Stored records
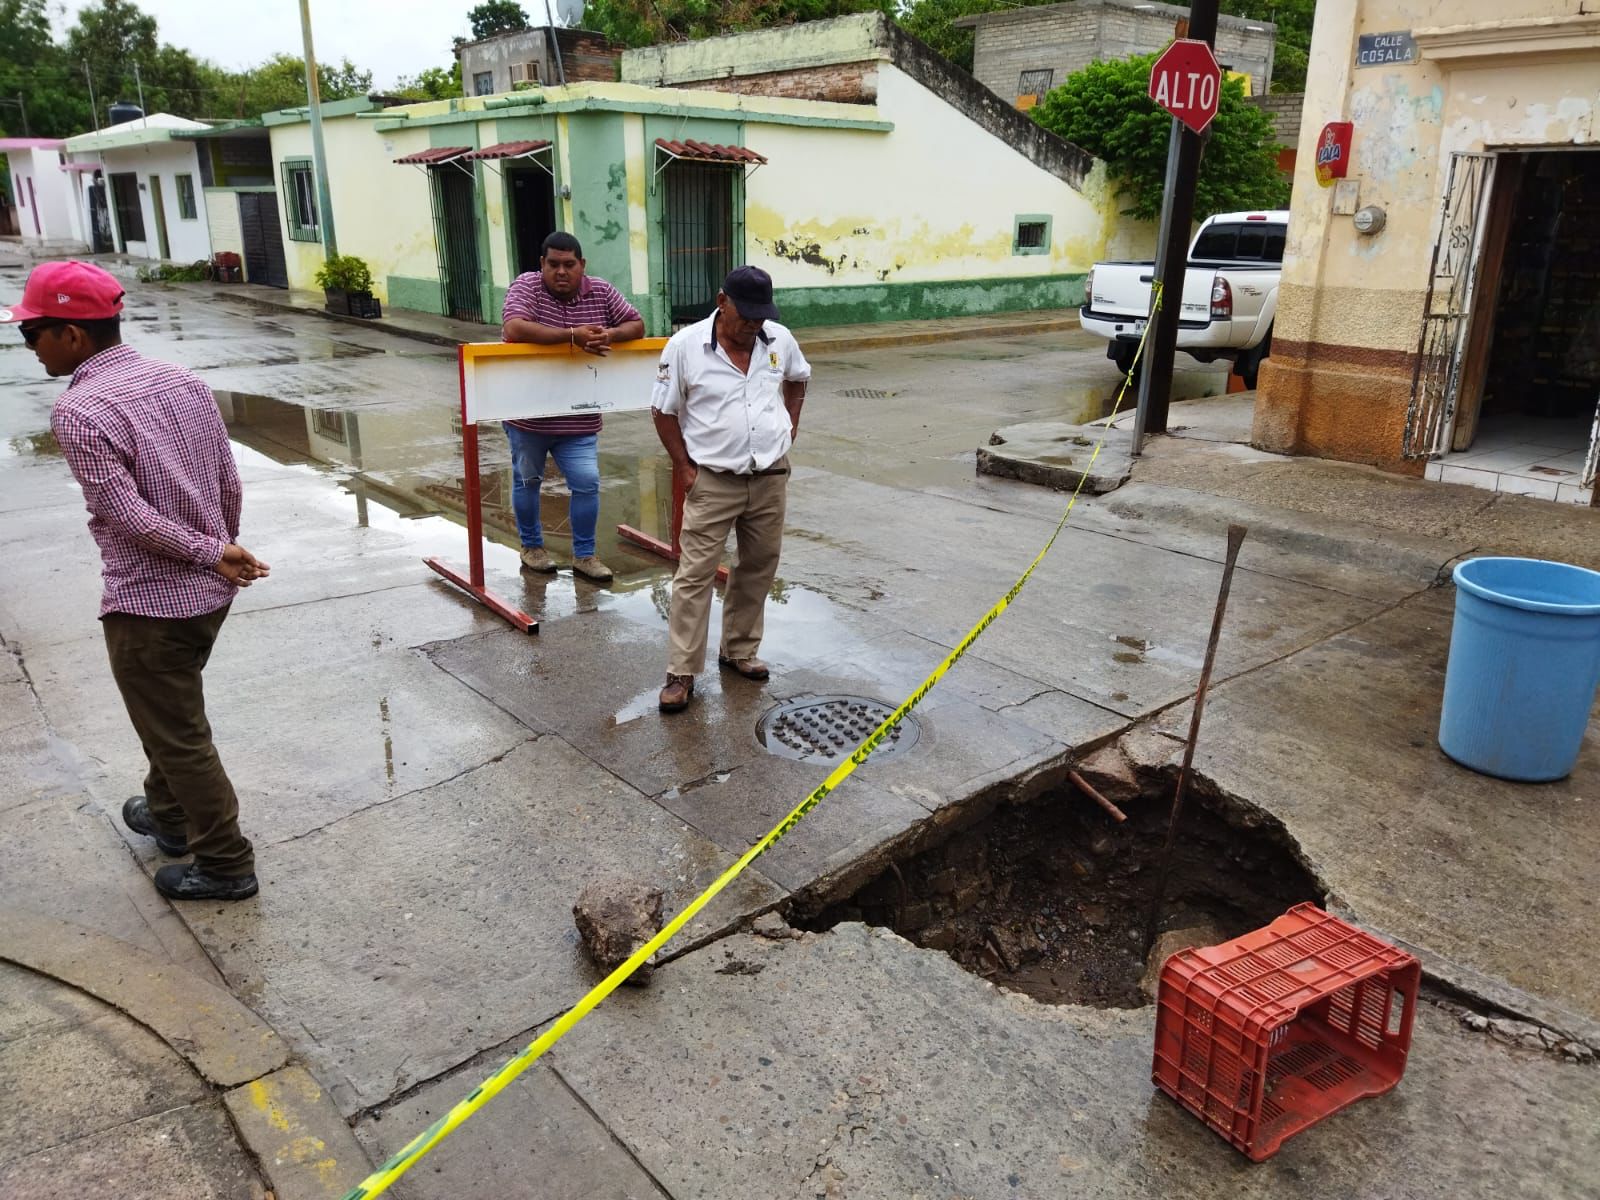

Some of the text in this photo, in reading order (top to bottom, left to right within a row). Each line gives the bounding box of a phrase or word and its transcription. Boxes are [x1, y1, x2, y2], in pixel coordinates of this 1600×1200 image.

[1374, 36, 1403, 48] CALLE
[1361, 48, 1412, 63] COSALA
[1155, 70, 1214, 111] ALTO
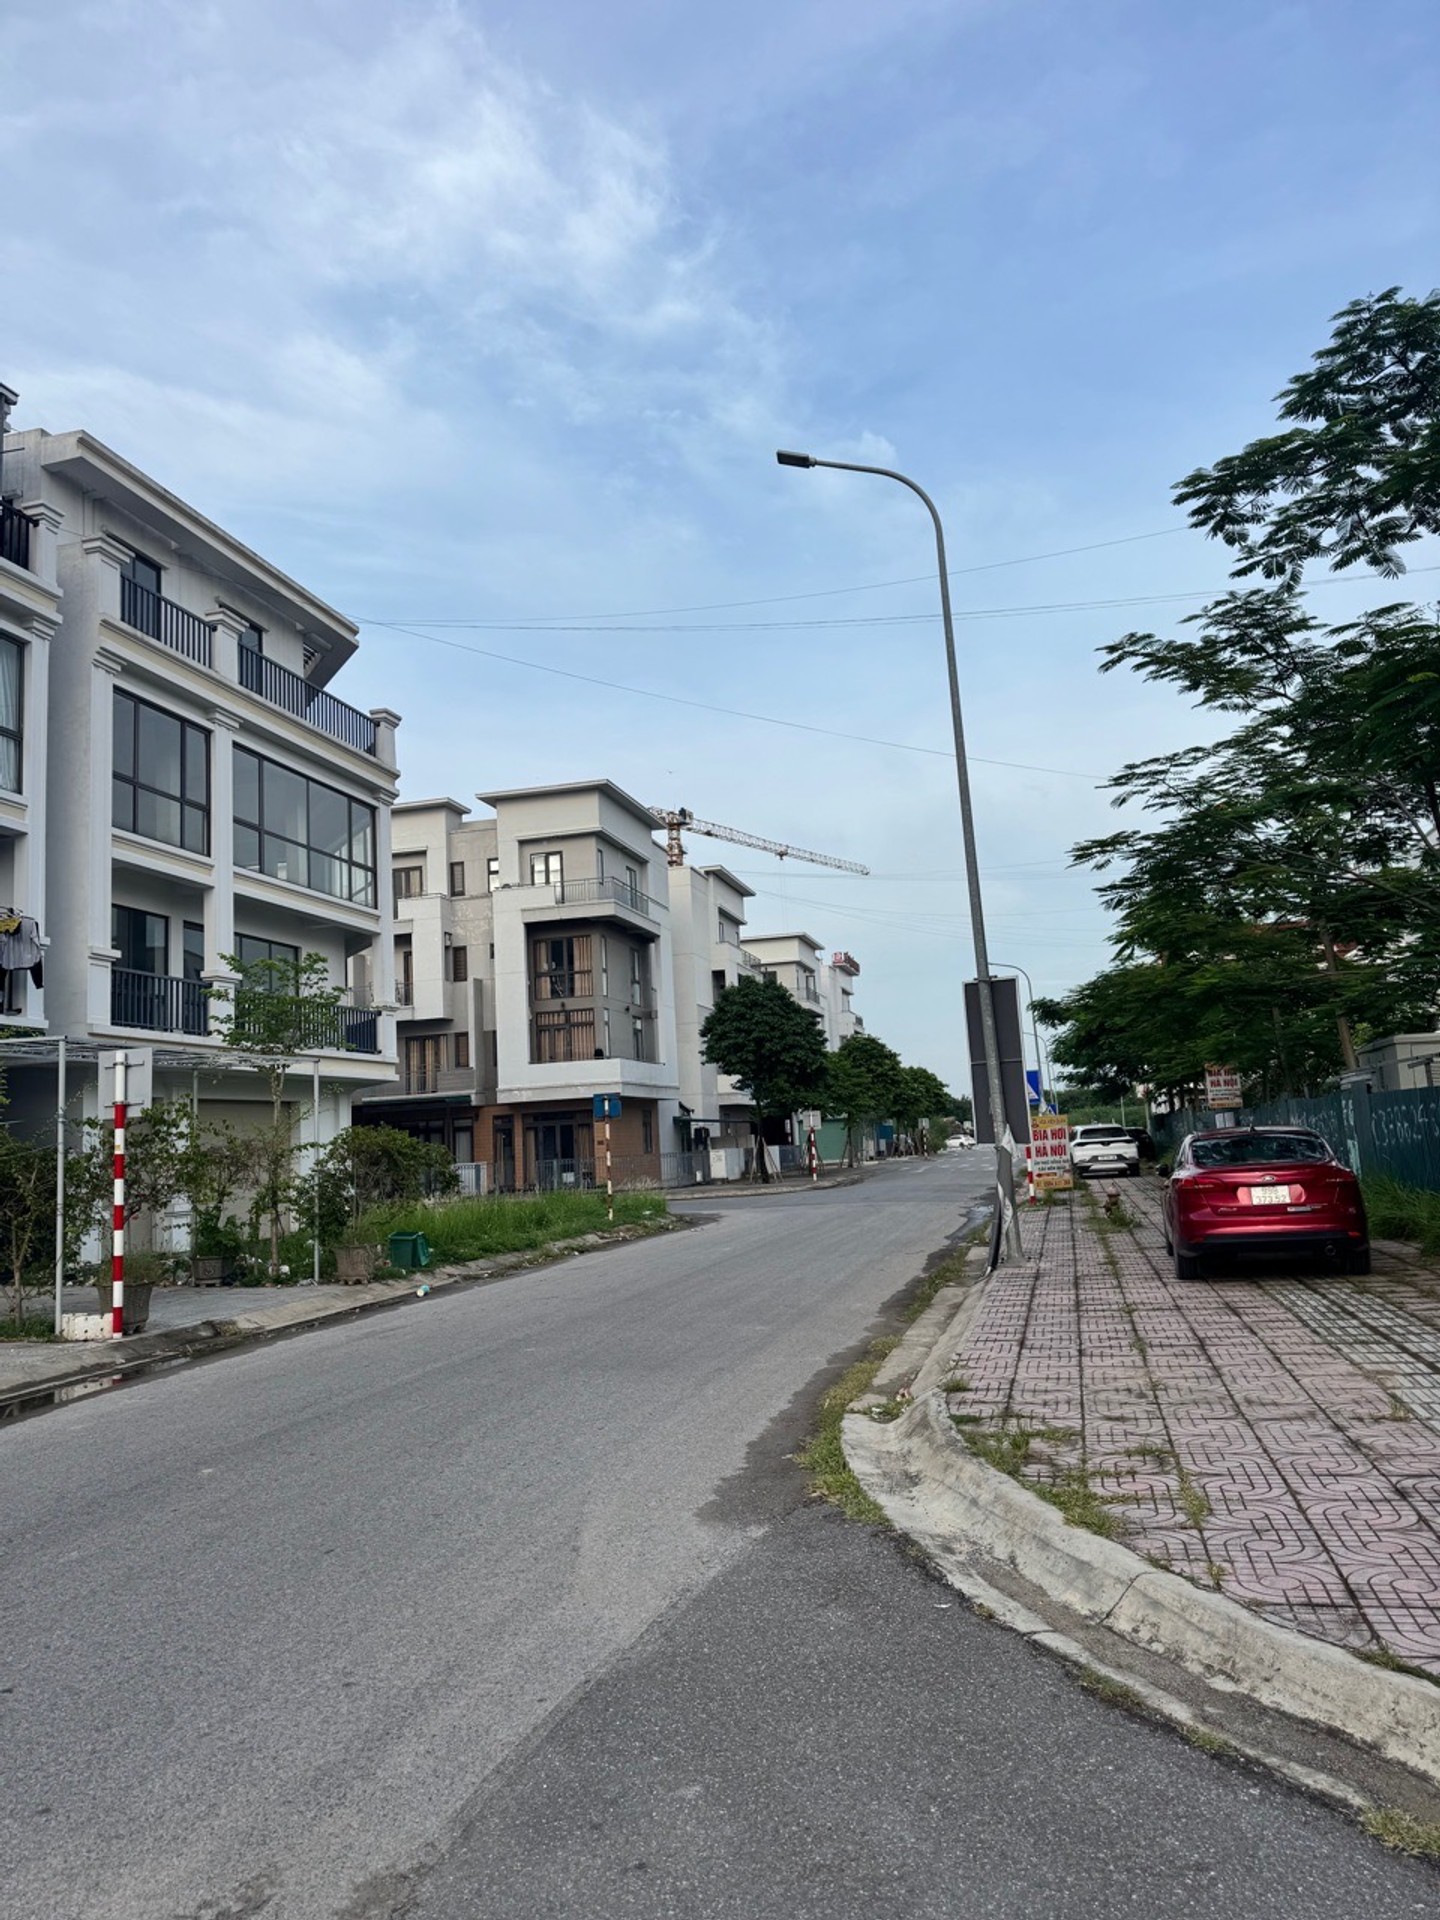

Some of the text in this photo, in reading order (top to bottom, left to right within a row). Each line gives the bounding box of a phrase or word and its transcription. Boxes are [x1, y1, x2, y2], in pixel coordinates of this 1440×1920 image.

_Exercise prompt_
What is needed is an exact transcription of every entry, minus the pictures.

_Response area_
Some of the text in this photo, in reading order (top to bottom, left to right within a row). Each line gives the bounding box of a phrase or word and its transcription. Boxes are [x1, y1, x2, y2], in pixel coordinates of this 1600×1200 image.

[1374, 36, 1403, 48] CALLE
[1361, 48, 1412, 63] COSALA
[1155, 70, 1214, 111] ALTO

Some of the text in this photo, in reading order (top to bottom, left to right within a row). Each line gives the bounding box of a phrase or word and its transcription. Boxes are [x1, y1, x2, y2], in pixel coordinates of this 1440×1920 image.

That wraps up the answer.